[Free-text object descriptions]
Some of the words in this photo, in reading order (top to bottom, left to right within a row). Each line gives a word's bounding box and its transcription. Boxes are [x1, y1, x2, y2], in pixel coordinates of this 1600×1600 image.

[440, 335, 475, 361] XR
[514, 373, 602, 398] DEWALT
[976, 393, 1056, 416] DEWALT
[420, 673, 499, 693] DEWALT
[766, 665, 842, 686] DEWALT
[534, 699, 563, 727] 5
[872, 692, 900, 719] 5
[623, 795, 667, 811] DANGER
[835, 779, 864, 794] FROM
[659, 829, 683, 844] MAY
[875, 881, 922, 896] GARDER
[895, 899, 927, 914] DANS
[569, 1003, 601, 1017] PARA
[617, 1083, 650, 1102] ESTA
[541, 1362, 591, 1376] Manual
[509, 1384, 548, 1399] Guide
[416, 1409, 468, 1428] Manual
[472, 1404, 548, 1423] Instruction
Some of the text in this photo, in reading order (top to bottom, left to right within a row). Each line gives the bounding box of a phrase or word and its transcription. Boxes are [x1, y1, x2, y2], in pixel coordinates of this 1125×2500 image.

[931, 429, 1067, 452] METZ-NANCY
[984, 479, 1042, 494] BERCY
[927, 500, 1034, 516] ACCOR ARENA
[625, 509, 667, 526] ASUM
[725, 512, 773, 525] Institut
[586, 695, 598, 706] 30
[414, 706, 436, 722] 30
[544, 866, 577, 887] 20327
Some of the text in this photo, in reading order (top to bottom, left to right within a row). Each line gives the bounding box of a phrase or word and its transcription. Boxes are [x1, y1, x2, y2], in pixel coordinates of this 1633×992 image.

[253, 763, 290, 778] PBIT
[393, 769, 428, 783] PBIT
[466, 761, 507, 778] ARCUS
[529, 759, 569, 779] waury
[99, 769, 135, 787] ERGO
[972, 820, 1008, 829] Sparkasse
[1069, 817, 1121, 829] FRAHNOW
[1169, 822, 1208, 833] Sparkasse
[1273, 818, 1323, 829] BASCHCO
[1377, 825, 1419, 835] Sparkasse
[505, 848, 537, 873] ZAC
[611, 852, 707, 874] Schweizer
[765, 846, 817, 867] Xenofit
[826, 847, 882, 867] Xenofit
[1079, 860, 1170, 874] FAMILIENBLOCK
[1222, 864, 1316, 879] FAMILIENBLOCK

# What is expected
Down to the last line, retype the entries above exactly.

# Exercise output
Some of the words in this photo, in reading order (top to bottom, left to right within a row). Each line gives a word's bounding box and its transcription. Boxes are [x1, y1, x2, y2], in pixel coordinates of this 1600×1600 image.

[440, 335, 475, 361] XR
[514, 373, 602, 398] DEWALT
[976, 393, 1056, 416] DEWALT
[420, 673, 499, 693] DEWALT
[766, 665, 842, 686] DEWALT
[534, 699, 563, 727] 5
[872, 692, 900, 719] 5
[623, 795, 667, 811] DANGER
[835, 779, 864, 794] FROM
[659, 829, 683, 844] MAY
[875, 881, 922, 896] GARDER
[895, 899, 927, 914] DANS
[569, 1003, 601, 1017] PARA
[617, 1083, 650, 1102] ESTA
[541, 1362, 591, 1376] Manual
[509, 1384, 548, 1399] Guide
[416, 1409, 468, 1428] Manual
[472, 1404, 548, 1423] Instruction
Some of the text in this photo, in reading order (top to bottom, left to right within a row). Each line gives the bounding box of a phrase or word and its transcription. Boxes are [x1, y1, x2, y2], in pixel coordinates of this 1125×2500 image.

[931, 429, 1067, 452] METZ-NANCY
[984, 479, 1042, 494] BERCY
[927, 500, 1034, 516] ACCOR ARENA
[625, 509, 667, 526] ASUM
[725, 512, 773, 525] Institut
[586, 695, 598, 706] 30
[414, 706, 436, 722] 30
[544, 866, 577, 887] 20327
Some of the text in this photo, in reading order (top to bottom, left to right within a row). Each line gives the bounding box of a phrase or word and its transcription. Boxes are [x1, y1, x2, y2], in pixel coordinates of this 1633×992 image.

[253, 763, 290, 778] PBIT
[393, 769, 428, 783] PBIT
[466, 761, 507, 778] ARCUS
[529, 759, 569, 779] waury
[99, 769, 135, 787] ERGO
[972, 820, 1008, 829] Sparkasse
[1069, 817, 1121, 829] FRAHNOW
[1169, 822, 1208, 833] Sparkasse
[1273, 818, 1323, 829] BASCHCO
[1377, 825, 1419, 835] Sparkasse
[505, 848, 537, 873] ZAC
[611, 852, 707, 874] Schweizer
[765, 846, 817, 867] Xenofit
[826, 847, 882, 867] Xenofit
[1079, 860, 1170, 874] FAMILIENBLOCK
[1222, 864, 1316, 879] FAMILIENBLOCK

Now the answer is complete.